Further, fluoroapatite is a substance that is stabler than hydroxyapatite due to fluorine atom thereof, and therefore has high acid resistance. For these reasons, fluoroapatite has advantages in that it has high resistance to acid solutions, and therefore is capable of separating a protein in an acid solution.
Such fluoroapatite is generally synthesized by adding (mixing) ammonium fluoride as a fluorine source into (with) a slurry containing hydroxyapatite (JP A-2004-330113 is an example of related art.).
However, in the fluoroapatite synthesized by such a method, ammonia which is derived from the ammonium fluoride is adsorbed thereto as an impurity during the synthesizing process. Apatites such as fluoroapatite have a high ability to adsorb ammonia, and therefore in a case where a slurry containing synthesized fluoroapatite is spray-dried (granulated) to obtain particles, ammonia remains in the particles (fluoroapatite particles). That is, it is very difficult to remove ammonia from the fluoroapatite particles.

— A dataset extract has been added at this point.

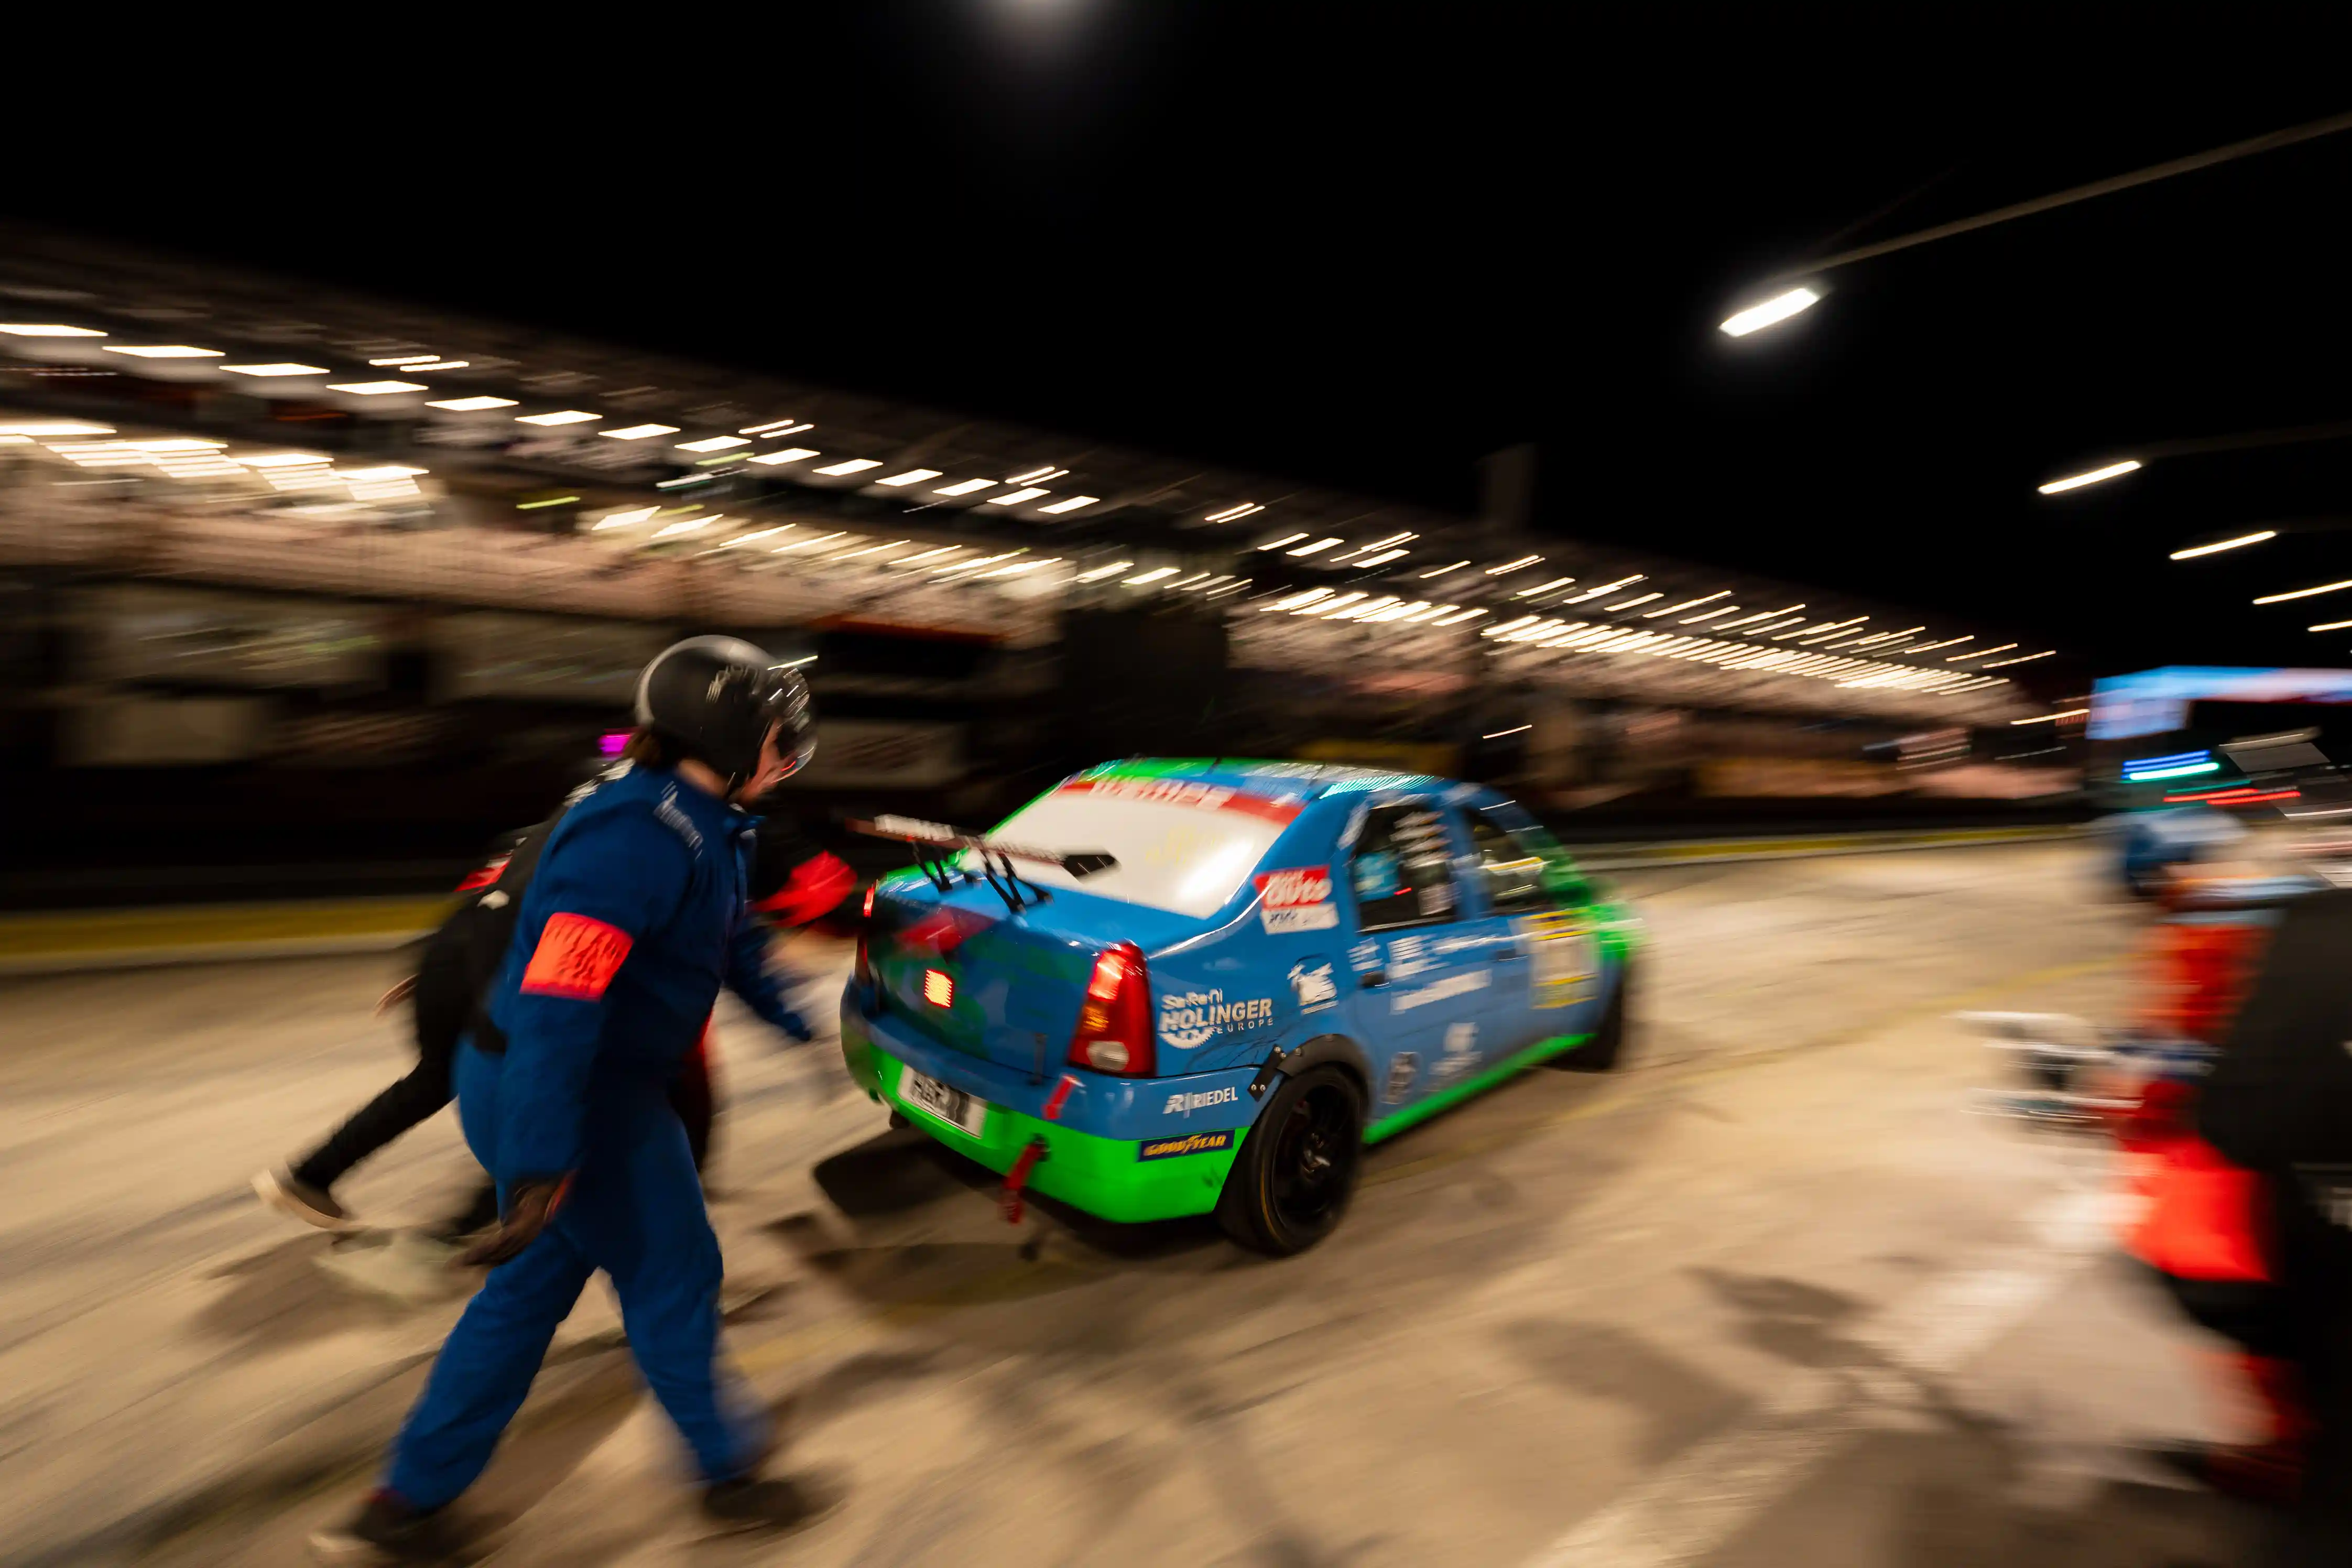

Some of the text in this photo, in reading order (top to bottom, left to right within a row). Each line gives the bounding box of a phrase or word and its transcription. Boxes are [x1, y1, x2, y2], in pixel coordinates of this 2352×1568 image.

Therefore, an amount of ammonia remaining in the thus synthesized fluoroapatite particles is different from lot to lot, which makes it difficult to obtain fluoroapatite particles having uniform characteristics.

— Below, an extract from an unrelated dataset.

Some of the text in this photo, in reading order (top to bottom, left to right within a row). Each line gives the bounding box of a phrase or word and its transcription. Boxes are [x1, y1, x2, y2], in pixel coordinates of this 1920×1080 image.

Further, ammonia adsorbed to hydroxyapatite particles inhibits substitution of hydroxyl groups of hydroxyapatite by fluorine atoms of ammonium fluoride molecules, and therefore there are also problems in that a ratio of substitution of hydroxyl groups of hydroxyapatite by fluorine atoms can be increased only to a certain extent, and therefore it cannot be expected that acid resistance of the synthesized fluoroapatite is further improved.
Furthermore, since fluoroapatite is often used for separating a protein in an acid solution, it is preferred that an amount of the protein to be adsorbed to fluoroapatite is large so that a large amount of the protein can be separated from a sample (that is, the acid solution containing the protein). From this viewpoint, fluoroapatite having a large specific surface area is preferably used.
For these reasons, fluoroapatite which contains an impurity such as ammonia at a low level and has superior acid resistance and a large specific surface area can be preferably used for separating a protein (particularly, contained in an acid solution). However, a method of producing such fluoroapatite has not yet been developed.